By Calling Shiite Masses to Najef Shrine, Sistani Nullifies US Military Gains
Important note:
Up until the moment that these lines were written, there has been no independent testimony of Grand Ayatollah Ali Sistani’s arrival in Iraq or Najef. He has not been seen or photographed at any point – only footage of an airplane landing in Kuwait and a motorcade heading for Basra and then Najef.
That is not to say Sistani never arrived as reported, but his face has not been shown until now.

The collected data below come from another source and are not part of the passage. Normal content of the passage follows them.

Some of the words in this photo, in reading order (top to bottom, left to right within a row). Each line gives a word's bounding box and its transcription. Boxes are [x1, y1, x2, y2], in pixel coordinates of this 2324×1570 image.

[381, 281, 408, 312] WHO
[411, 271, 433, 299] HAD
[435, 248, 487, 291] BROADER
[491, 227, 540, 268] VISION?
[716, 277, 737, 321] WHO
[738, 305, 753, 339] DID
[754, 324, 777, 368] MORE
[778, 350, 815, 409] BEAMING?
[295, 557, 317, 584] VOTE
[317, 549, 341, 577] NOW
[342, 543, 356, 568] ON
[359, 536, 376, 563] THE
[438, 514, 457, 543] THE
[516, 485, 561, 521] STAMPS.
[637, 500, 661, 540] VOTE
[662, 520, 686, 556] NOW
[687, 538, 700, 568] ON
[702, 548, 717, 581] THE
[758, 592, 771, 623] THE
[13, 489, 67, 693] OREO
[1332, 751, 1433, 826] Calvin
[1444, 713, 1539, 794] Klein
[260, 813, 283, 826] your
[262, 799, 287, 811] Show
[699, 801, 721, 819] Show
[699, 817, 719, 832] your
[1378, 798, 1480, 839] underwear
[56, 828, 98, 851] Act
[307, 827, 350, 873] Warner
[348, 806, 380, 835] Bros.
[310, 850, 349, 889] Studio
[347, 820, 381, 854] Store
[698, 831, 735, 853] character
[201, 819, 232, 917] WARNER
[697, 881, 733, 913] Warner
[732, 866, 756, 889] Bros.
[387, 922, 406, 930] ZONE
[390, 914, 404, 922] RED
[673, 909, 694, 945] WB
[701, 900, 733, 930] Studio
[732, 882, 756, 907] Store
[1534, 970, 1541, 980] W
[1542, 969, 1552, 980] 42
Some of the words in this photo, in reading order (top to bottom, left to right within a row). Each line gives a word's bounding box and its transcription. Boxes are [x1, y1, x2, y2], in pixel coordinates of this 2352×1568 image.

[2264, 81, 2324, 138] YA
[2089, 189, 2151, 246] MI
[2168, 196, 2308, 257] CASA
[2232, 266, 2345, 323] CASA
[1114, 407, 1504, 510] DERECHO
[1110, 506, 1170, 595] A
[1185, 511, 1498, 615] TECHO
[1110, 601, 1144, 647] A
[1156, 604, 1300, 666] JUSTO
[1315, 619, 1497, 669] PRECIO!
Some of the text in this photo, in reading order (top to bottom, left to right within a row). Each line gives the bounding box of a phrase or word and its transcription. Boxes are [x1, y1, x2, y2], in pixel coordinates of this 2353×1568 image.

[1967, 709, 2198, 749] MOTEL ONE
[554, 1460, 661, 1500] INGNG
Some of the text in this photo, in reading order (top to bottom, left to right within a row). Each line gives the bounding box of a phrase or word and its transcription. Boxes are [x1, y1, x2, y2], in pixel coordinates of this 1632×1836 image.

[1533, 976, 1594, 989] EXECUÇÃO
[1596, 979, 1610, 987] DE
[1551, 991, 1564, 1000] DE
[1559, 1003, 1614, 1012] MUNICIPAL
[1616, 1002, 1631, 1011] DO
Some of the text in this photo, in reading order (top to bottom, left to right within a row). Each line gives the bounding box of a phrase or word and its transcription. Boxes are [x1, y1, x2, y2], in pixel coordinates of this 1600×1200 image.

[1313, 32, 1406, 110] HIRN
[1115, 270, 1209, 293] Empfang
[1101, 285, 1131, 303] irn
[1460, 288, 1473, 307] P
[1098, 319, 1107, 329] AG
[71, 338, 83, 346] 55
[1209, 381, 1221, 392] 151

Ahead of his dramatic peace mission to Najef, Iraq’s most influential Shiite cleric, Grand Ayatollah Ali Sistani, took the enigmatic step of calling on all Iraqi Shiites to congregate in the embattled city of Najef and save the revered Imam Ali shrine.
For three weeks, radical cleric Moqtada Sadr and his Mehdi Army had been holed up in the mosque, locked in battle with US and Iraqi forces that ravaged the Shiite city. Sistani sounded his call to the Shiite masses Wednesday night, August 25, shortly after he was flown into Basra from London and ahead of his arrival in Najef, on Thursday, August 26.
This action was the last thing needed or expected by the US Marines 11th Task Force, which had just finished purging the Old City of Najef of Sadr’s militiamen around the shrine. It also confounded the US officials and CIA officers who had arranged to fly him home from a London clinic, three days after he underwent heart surgery. Their purpose was bring to the embattled city a steadying, temperate figure, authoritative enough to take charge of the sacred mosque and end the hostilities in a manner that would justify in the eyes of the Shiite masses the three weeks of bloody battles fought by American and Iraqi forces against the renegade Sadr.
The 73-year old ayatollah’s unforeseen step is seen by our sources as an act to absolve himself personally of the taint of American collaborator, an aspersion that might have been prompted by his arrival in Najef immediately after US Marines had disposed of the last Sadrist militiamen in the Old City. It was his way of telling the people that, as soon as they delivered him on Iraqi soil in Basra, the Americans had finished their task and bowed out. From that moment on, the Shiite leader determined to be seen functioning as an independent agent.
A simpler explanation would be that it was a demonstration of strength in numbers.
His call on Shiites to flock to Najef had the following effects:
They responded en masse, streaming across the country from Baqouba and Baghdad as well as from the Shiite towns of the south, clogging the roads and highways and blocking them to American and coalition military movements.
Sadr’s followers who were scattered around Basra, Nasiriya, Hilla and Baghdad’s Sadr City were provided with an opportunity to mingle with the mass movement of Sistani supporters, cover for reaching Najef and Kufa to fan the flames of combat which had died down around the beleaguered Imam Ali shrine.
The presence of Sadr’s fighters among the pilgrims was the cause of the awful carnage inflicted on them around the Kufa mosque and outside Hilla. Up to 75 Iraqi Shiites paid with their lives and more than 350 were injured in fire directed at the crowds. There is no absolute knowledge of who fired first or why. But according to DEBKA-Net-Weekly‘s sources on the spot, some of the shots appeared to come from Iraqi National Guardsmen and police officers. They detected Sadr’s militiamen hiding behind pilgrims and when they tried to arrest them, the fake pilgrims pulled guns out from under their robes
Melees also broke out when genuine Sistani followers found themselves crowded in among Sadr fighting men.
The most serious incident, which has not been reported until now, occurred late Thursday afternoon when Ayatollah Sistani’s convoy on its way to Najef was bombarded with mortar shells outside Hilla. The drivers accelerated and drove out of danger at top speed. No information is available on the identity of the would-be assassins, whether they were Sadr’s followers, Iranian agents, Iraqi Baathists or al Qaeda.
In the final reckoning, neither Washington, nor the US military command in Iraq and Najef or Iraqi prime minister Iyad Allawi were overanxious to see the returning ayatollah go straight into ceasefire talks with Sadr, who suddenly materialized after being invisible for ten days, the moment he arrived home in Najef. They may be heaving a deep sigh of relief over the temporary cessation of the battle that systematically undermined them all. But they pin very little hope on the “positive deal” hastily cobbled by Sistani solving the fundamental issue of the Sadr revolt and expect the conflict to flare up again in the weeks or months ahead.